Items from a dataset
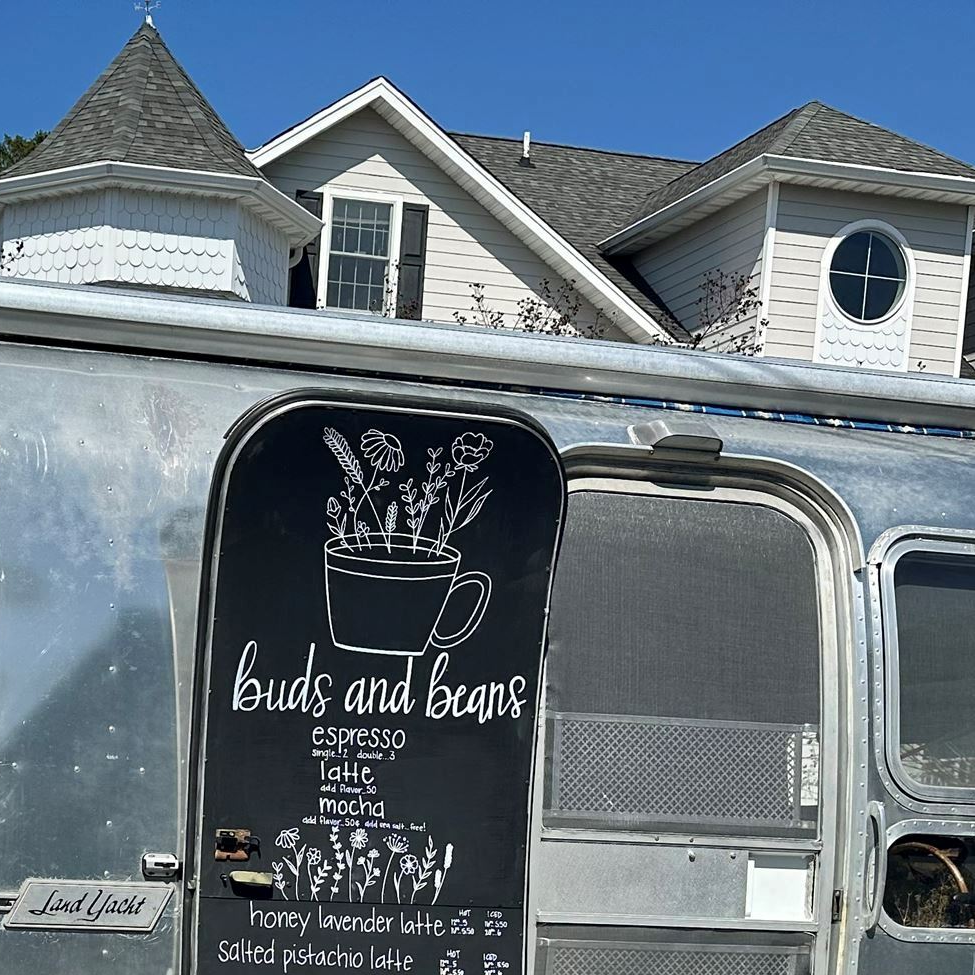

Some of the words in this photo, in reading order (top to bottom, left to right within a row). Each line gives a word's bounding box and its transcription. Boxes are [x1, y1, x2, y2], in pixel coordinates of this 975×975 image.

[231, 640, 332, 718] buds
[343, 655, 417, 716] and
[425, 651, 527, 724] beans
[312, 726, 406, 754] espresso
[320, 760, 375, 784] latte
[320, 783, 336, 793] add
[319, 795, 385, 819] mocha
[302, 815, 317, 825] add
[28, 889, 89, 916] Land
[76, 889, 147, 922] Yacht
[459, 909, 471, 917] HOT
[249, 900, 311, 937] honey
[319, 905, 394, 933] lavender
[400, 910, 446, 937] latte
[283, 943, 363, 973] pistachio
[370, 945, 413, 972] latte
[446, 949, 461, 959] HOT
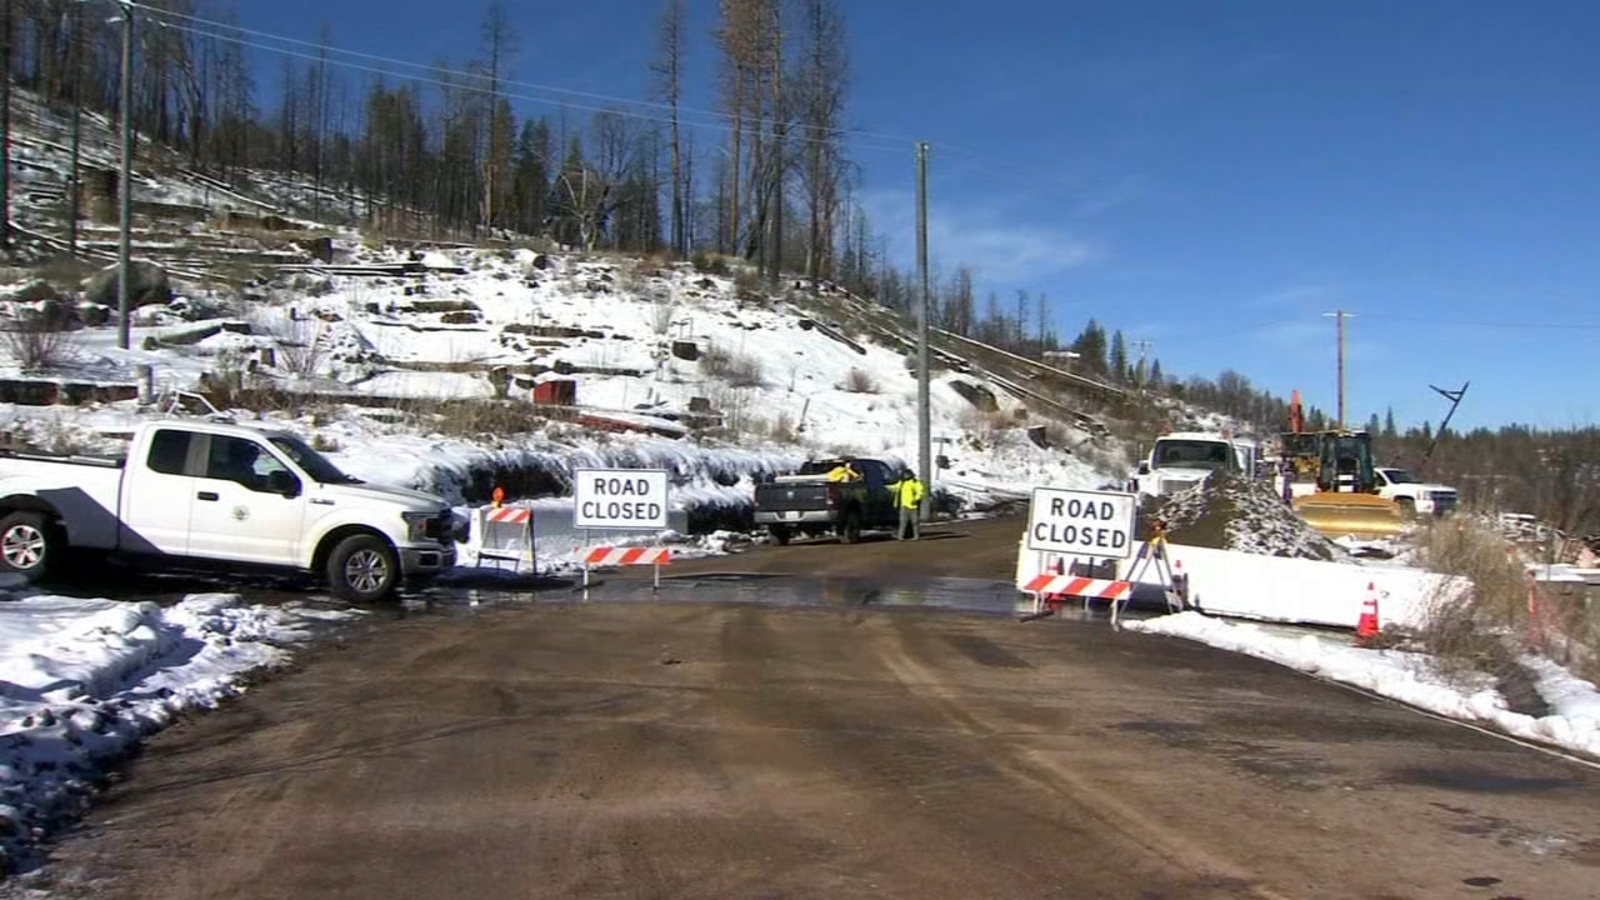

[Exercise objective] Please give the entries above again exactly as written, leaving out any pictures.

[Exercise result]
Some of the words in this photo, in reading order (top to bottom, left to right within a row). Each line gives a word's bounding box and its transcription. Boxes are [x1, y1, x2, y2], in pixel coordinates of this 975×975 image.

[231, 640, 332, 718] buds
[343, 655, 417, 716] and
[425, 651, 527, 724] beans
[312, 726, 406, 754] espresso
[320, 760, 375, 784] latte
[320, 783, 336, 793] add
[319, 795, 385, 819] mocha
[302, 815, 317, 825] add
[28, 889, 89, 916] Land
[76, 889, 147, 922] Yacht
[459, 909, 471, 917] HOT
[249, 900, 311, 937] honey
[319, 905, 394, 933] lavender
[400, 910, 446, 937] latte
[283, 943, 363, 973] pistachio
[370, 945, 413, 972] latte
[446, 949, 461, 959] HOT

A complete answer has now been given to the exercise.